The decoder comprises:
an extraction unit for obtaining block data for at least one coefficient block, the block data including the exponents associated with said coefficient groups and the mantissas associated with the coefficients of said coefficient groups, the mantissas being obtained in accordance with a distribution of coding data bits determined as a function of the exponents associated with said coefficient groups;
decoding logic for obtaining approximated values of the coefficients of each of said coefficient groups by combining the mantissas associated with said coefficients and the exponent associated with said coefficient group;
an assembling unit for assembling said coefficient block using the approximated coefficient values; and
a transforming unit for applying a local Inverse multiscale transform to the assembled coefficient block.
According to another aspect of the invention, there Is provided a video compression method, comprising: filtering and downscaling a first video signal to obtain a second signal; computing a third signal as a difference between the first signal and an upscaled replica of the second signal; encoding the third signal to obtain a quantized version of the third signal; and outputting a quantized version of the second signal and the quantized version of the third signal.
Based on the quantized version of the second signal, the corresponding decoder is then able to obtain a low-definition version of the original video signal with has been appropriately filtered, in particular to avoid aliasing artifacts. If a full-definition version of the original video signal, the quantized version of the third signal can be used as a refinement. The encoding of the third signal is preferably implemented in accordance with the above-mentioned method using an exponent-mantissa representation.
A video encoder is also proposed, comprising: a filtering and downscaling unit for transforming a first video signal into a second signal; a first encoder processing the second signal to obtain a quantized version of the second signal; a decoder processing the quantized version of the second signal to obtain a replica of the second signal; an upscaler receiving the replica of the second signal; a subtractor for computing a third signal as a difference between the first signal and the upscaled replica of the second signal; and a second encoder processing the third signal to obtain a quantized version of the third signal. The output of the video encoder includes the quantized versions of the second and third signals.
In another embodiment of the video processing device, the video encoder is as mentioned in the preceding paragraph and the decoder comprises: a first decoder receiving the quantized version of the second signal and operating like the decoder of the video encoder to obtain the replica of the second signal; a second decoder receiving the quantized version of the third signal to obtain a replica of the third signal; an upscaler receiving the replica of the second signal; and an adder receiving the replicas of the second and third signals.

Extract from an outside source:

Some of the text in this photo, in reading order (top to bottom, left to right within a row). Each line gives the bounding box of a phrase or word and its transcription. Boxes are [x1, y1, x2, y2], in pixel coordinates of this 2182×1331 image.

BRIEF DESCRIPTION OF THE DRAWINGS

FIGS. 1-2, discussed above, are block diagrams of video processing devices.

FIG. 3 is a block diagram of another embodiment of a video processing device.

FIG. 4 is a diagram illustrating a way of organizing line and context buffers In an embodiment of the invention.

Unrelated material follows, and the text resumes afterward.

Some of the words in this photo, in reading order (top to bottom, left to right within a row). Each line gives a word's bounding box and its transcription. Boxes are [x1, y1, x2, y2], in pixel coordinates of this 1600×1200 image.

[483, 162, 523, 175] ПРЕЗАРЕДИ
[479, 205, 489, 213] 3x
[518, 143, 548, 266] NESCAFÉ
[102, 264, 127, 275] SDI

FIGS. 5 and 6 are diagrams illustrating the correspondence between pixel regions in a video frame and coefficient blocks resulting from an exemplary local multiscale transform.

FIG. 7 is a diagram illustrating a way of distributing, and representing multiscale image coefficients in an embodiment of the invention.

FIGS. 8 and 9 are block diagrams of exemplary encoder and decoder according to the invention.

FIG. 10 shows a bit array representing a simplified coefficient block resulting from a local multiscale transform.

FIG. 11 is a diagram illustrating a way of encoding mantissas from the bit array of FIG. 10.

FIG. 12 is a diagram illustrating an alternative way of encoding mantissas from the bit array of FIG. 10 in accordance with an embodiment of the invention.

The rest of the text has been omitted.